4. Sumur buatan 3 2 3 3 11 IV
Dengan mengacu pada analisis penilaian dengan menggunakan kriteria yang
telah ditentukan, maka diperoleh alternatif kebijakan yang memenuhi kriteria paling
tinggi yaitu sosialisasi pengolahan sampah yang baik melalui program 3R (reduce,
reuse, recycle). Alternatif kebijakan ini memiliki potensi keberhasilan dan keefektifan
lebih besar daripada alternatif kebijakan yang lain. hal ini dikarenakan program 3R
ini sangat murah dan mudah dilakukan dan dipahami oleh masyarakat sekitar,
sehingga sangat efektif dalam menjalankannya.

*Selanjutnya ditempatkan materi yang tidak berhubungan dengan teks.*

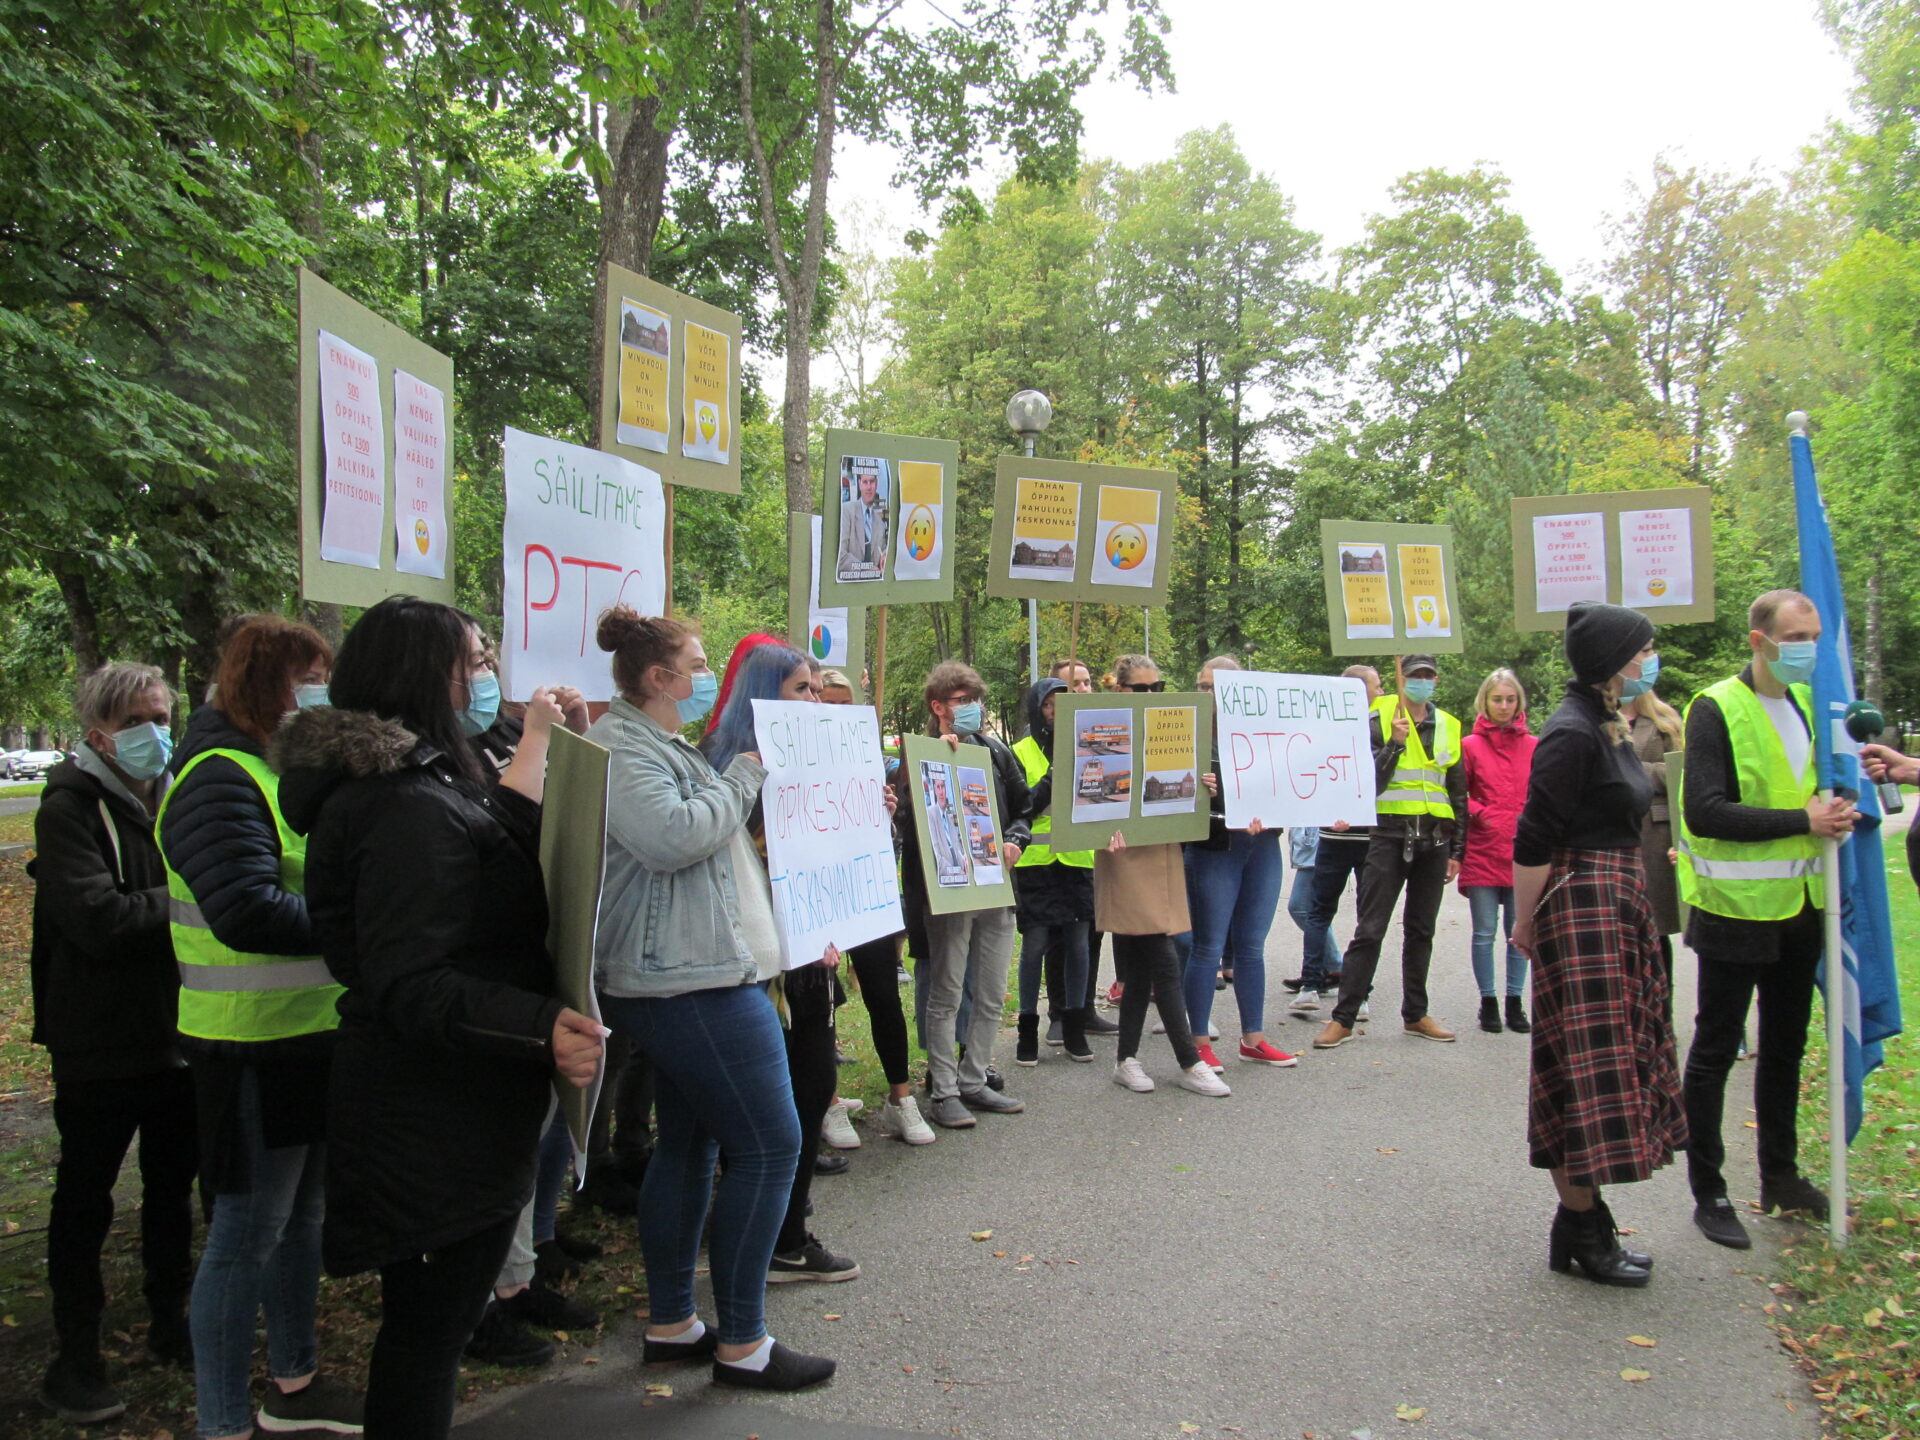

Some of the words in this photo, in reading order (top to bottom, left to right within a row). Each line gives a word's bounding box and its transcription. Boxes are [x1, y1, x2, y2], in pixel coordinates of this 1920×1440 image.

Apabila masyarakat diberikan sosialisasi ini, maka akan terjadi keseimbangan


antara lingkungan dan manusia. Selain itu, program 3R ini juga dapat meningkatkan
perekonomian warga masyarakat dengan recycle atau mengolah sampah menjadi
barang yang bermanfaat dan tepat guna. Kemudian, program ini juga dapat
meminimalisir penggunaan barang sekali pakai yang mengakiabatkan sampah.

Sosialisasi ini sebaiknya tidak hanya disampaikan melalui teori saja, akan
tetapi praltek lapangan juga mencotohkan langsung kepada warga masyarakat apa
dan bagaimana program 3R ini, kemudian memberikan penjelasan manfaat program
ini dalam jangka pendek maupun jangka panjang. Jika antara pemberi sosialisasi dan
warga saling bekerja sama, maka kedepannya akan tercipta lingkungan yang bersih,
aman, dan tentunya bebas banjir.
BAB IV
PENUTUP

Dari hasil analisis masalah, perumusan alternatif kebijakan, perampingan


alternatif kebijakan berdasarkan kriteria yang telah ditentukan, maka didapatkan
kesimpulan sebagai berikut:

Pertama, hasil perangkingan alternatif kebijakan yang berdasarkan kriteria


efektivitas, efisiensi, kelayakan politik, kelayakan ekonomi/anggaran, dan kelayakan
administratif maka dapat ditarik suatu kesimpulan, bahwa alternatif kebijakan yang
menjadi rangking pertama adalah alternative kebijakan yang kedua, yakni sosialisasi
pengolahan sampah yang baik dengan program 3R (reduce, reuse, recycle).
Kebijakan ini dinilai cukup efisien dalam penanganan bencana banjir ini. Hal ini
karena kebijakan 3R ini sangat mudah dan murah untuk dilakukan oleh semua
kalangan masyarakat.

Kedua, Kebijakan yang harus diambil oleh pemerintah atau pihak yang
bersangkutan dalam menangani permasalahan yang terjadi adalah dengan mengajak
masyarakat ikut serta dalam menjaga kelestarian hutan. Hal ini dikarenakan
kelestraian alam bukan hanya tanggung jawab satu elemen saja. Akan tetapi, semua
elemen yang ada warga dan pemerintah harus ikut andil dalam pelestarian
lingkungan.

Ketiga, alternatif yang direkomendasikan merupakan alternatif yang terbaik


dari alternatif lainnya. Hal ini dikarenakan, program 3R ini sangat mudah dan murah
untuk dilakukan semua kalangan. Sehingga, cukup memungkinkan hal ini dapat
efisien dalam menangani kasus bencana banjir ini. Akan tetapi, sukses tidaknya
alternative ini tergantung pemerintah dan warga bagaimana saling bekerjasama dan
saling menegrti akan pentingnya menjaga kelestarian lingkungan untuk kehidupan
yang bersih, aman, dan tentunya bebas banjir. Hal ini dapat meningkatkan kualitas
hidup seseorang apabila tercipta lingkungan hidup sedemikian rupa.